> **Working data**
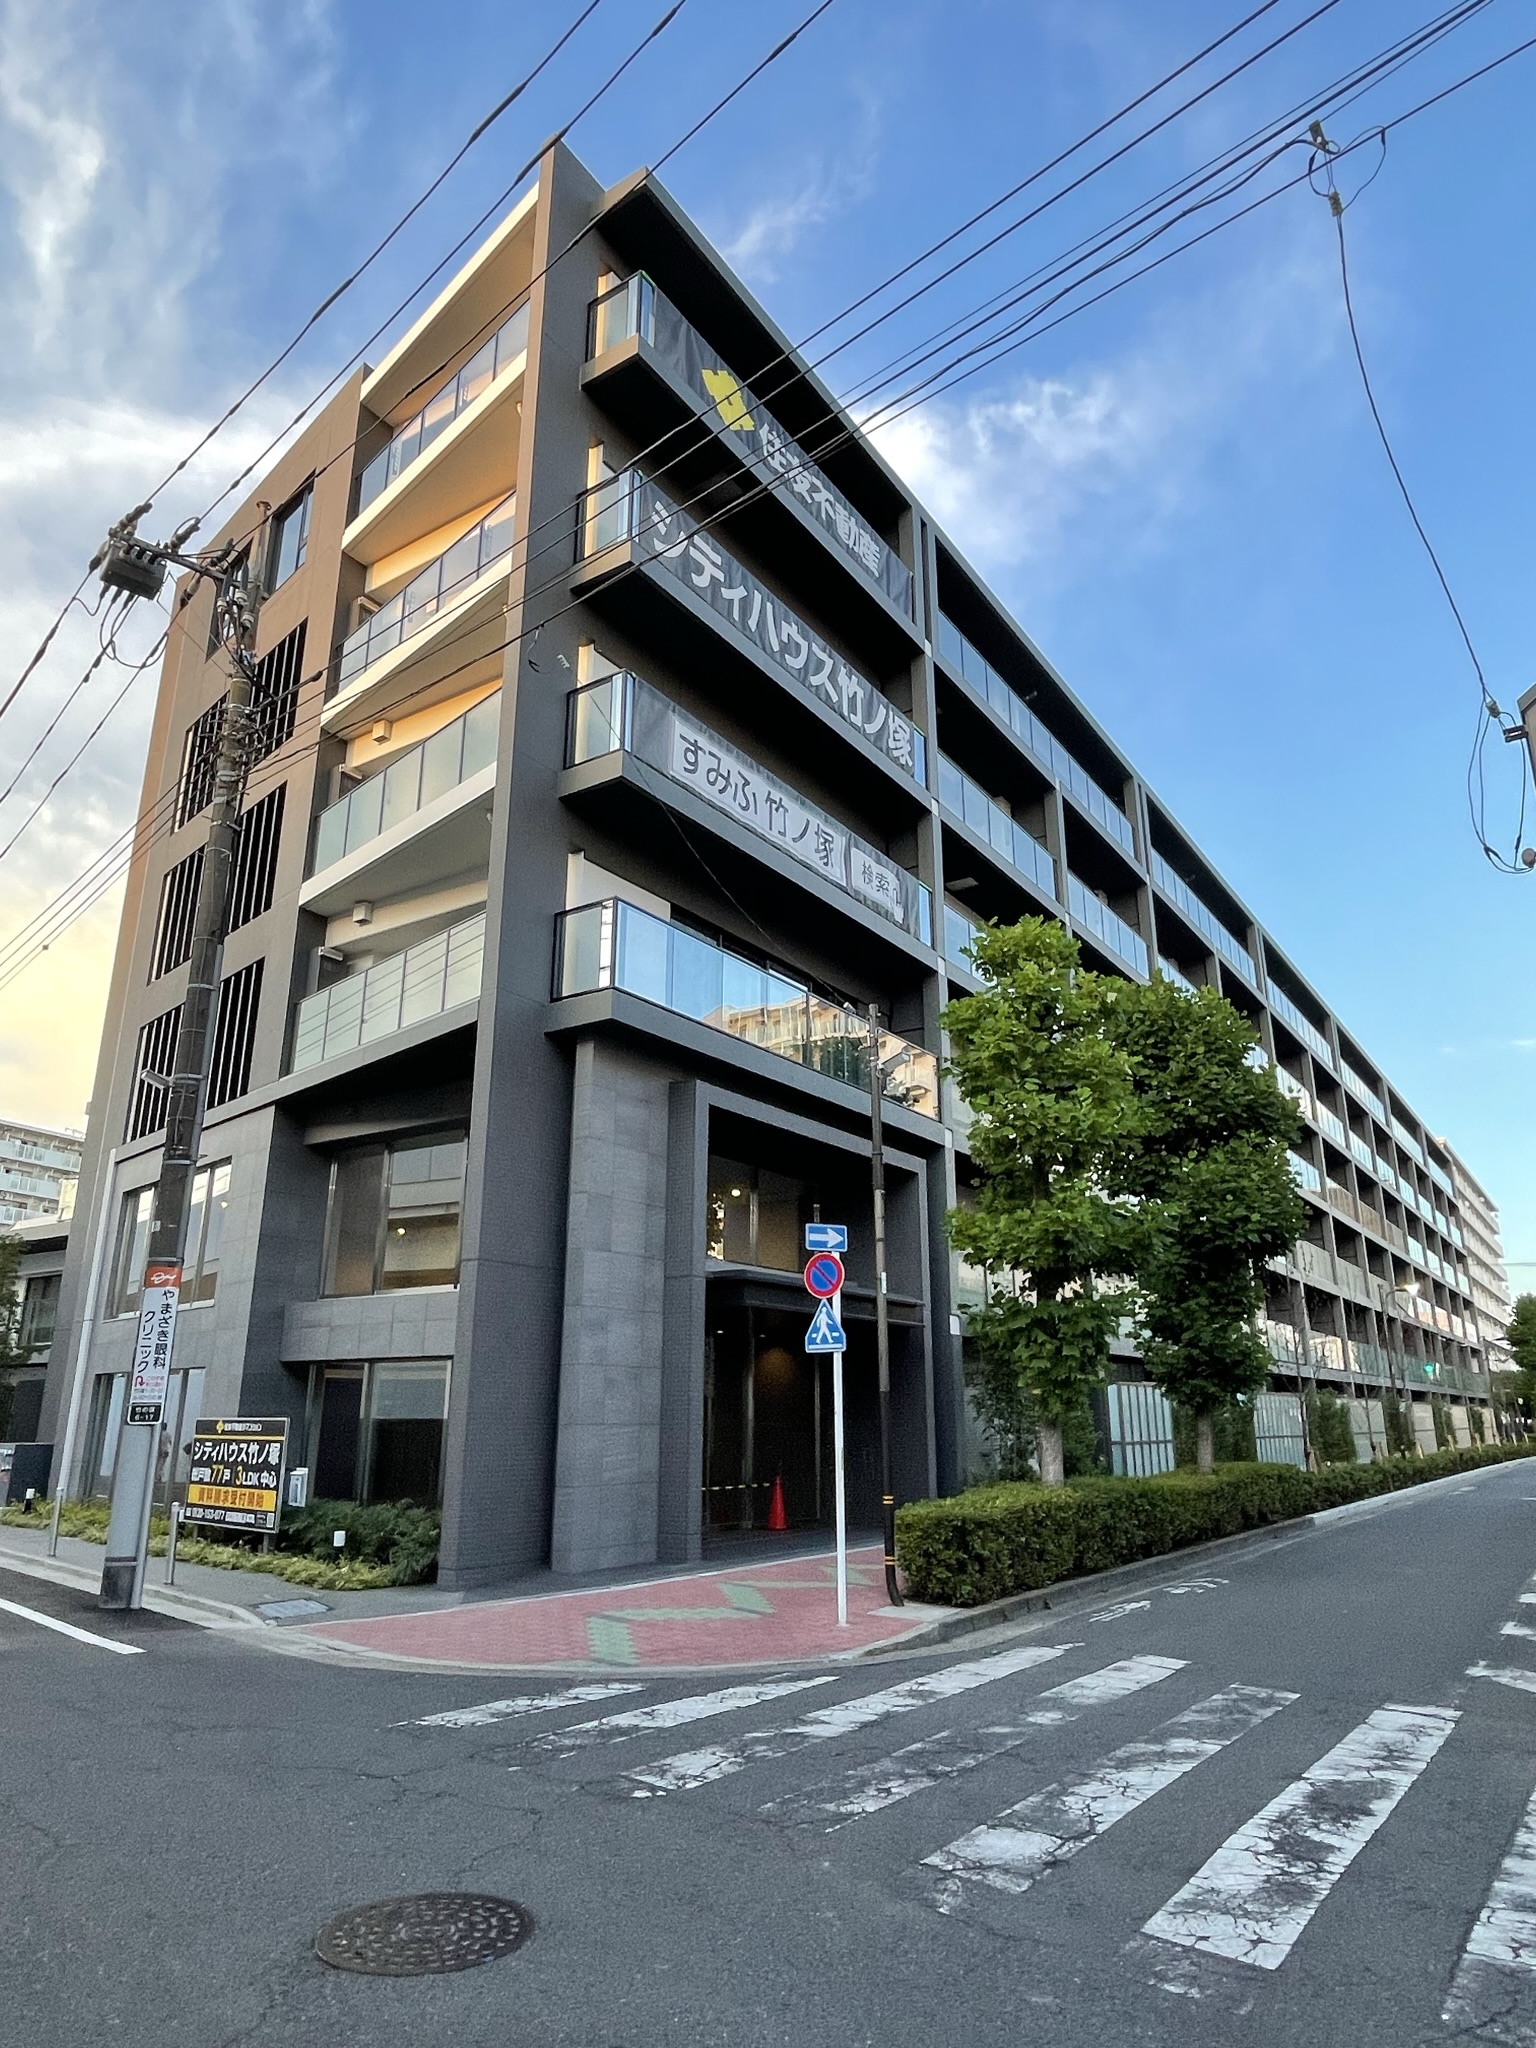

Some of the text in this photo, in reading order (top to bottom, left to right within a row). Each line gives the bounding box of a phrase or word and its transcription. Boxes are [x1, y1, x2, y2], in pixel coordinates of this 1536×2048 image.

[759, 423, 881, 577] 住友不動産
[651, 501, 913, 766] シティハウス竹ノ塚
[861, 860, 890, 898] 検索
[137, 1311, 155, 1373] クリニック
[152, 1289, 174, 1370] やまざき眼科

> **About this exercise**
Print out all the material above exactly as it appears, omitting the images.

> **Your response**
Some of the text in this photo, in reading order (top to bottom, left to right within a row). Each line gives the bounding box of a phrase or word and its transcription. Boxes are [x1, y1, x2, y2], in pixel coordinates of this 1536×2048 image.

[759, 423, 881, 577] 住友不動産
[651, 501, 913, 766] シティハウス竹ノ塚
[861, 860, 890, 898] 検索
[137, 1311, 155, 1373] クリニック
[152, 1289, 174, 1370] やまざき眼科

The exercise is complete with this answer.